▶ _Records contained in a dataset_

##############################

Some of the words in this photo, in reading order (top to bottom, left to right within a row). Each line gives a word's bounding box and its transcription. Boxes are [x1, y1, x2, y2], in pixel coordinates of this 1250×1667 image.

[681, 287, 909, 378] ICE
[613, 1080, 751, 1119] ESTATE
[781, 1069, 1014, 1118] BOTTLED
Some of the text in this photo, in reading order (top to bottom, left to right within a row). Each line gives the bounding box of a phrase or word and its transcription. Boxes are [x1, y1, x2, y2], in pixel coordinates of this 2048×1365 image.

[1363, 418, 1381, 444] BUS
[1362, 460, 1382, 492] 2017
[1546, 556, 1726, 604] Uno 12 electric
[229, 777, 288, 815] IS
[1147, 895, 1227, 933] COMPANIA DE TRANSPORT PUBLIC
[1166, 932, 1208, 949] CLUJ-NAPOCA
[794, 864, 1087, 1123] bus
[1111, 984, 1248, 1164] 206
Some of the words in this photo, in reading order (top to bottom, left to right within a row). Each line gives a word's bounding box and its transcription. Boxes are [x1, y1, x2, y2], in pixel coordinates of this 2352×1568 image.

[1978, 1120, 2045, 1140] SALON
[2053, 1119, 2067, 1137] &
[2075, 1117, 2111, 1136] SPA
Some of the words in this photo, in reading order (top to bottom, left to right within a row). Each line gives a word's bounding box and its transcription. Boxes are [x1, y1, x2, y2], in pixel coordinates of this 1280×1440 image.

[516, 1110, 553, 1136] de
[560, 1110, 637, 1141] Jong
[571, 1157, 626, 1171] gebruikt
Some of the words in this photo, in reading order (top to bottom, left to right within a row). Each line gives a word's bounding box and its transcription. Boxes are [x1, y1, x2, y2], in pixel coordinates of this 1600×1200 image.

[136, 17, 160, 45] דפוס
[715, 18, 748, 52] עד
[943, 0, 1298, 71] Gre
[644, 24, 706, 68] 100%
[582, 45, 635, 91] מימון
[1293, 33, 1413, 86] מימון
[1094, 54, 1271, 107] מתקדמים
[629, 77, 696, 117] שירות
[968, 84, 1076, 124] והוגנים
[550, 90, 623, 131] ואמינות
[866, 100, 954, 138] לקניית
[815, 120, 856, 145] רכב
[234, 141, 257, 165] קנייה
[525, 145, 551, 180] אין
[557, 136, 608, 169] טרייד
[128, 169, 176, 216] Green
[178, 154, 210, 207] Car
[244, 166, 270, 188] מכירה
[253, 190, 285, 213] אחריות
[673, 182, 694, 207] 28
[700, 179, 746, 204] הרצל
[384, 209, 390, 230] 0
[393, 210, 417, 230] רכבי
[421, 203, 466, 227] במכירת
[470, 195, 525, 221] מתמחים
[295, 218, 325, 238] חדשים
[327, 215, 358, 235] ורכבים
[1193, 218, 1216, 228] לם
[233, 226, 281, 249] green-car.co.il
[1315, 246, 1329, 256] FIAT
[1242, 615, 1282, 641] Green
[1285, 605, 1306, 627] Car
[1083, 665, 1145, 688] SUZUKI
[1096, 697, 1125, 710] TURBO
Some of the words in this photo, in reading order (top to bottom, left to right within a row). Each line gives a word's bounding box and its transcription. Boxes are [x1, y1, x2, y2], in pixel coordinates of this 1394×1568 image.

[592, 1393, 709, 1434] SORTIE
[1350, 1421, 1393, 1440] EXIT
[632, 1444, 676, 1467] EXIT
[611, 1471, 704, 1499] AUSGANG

##############################

▶ _PROBLEM TO WORK ON_
Starting at the line that contains "this 1394×1568 image.", retype each line through the last one in the records, both included, and add nothing.

▶ _ANSWER SPACE_
Some of the words in this photo, in reading order (top to bottom, left to right within a row). Each line gives a word's bounding box and its transcription. Boxes are [x1, y1, x2, y2], in pixel coordinates of this 1394×1568 image.

[592, 1393, 709, 1434] SORTIE
[1350, 1421, 1393, 1440] EXIT
[632, 1444, 676, 1467] EXIT
[611, 1471, 704, 1499] AUSGANG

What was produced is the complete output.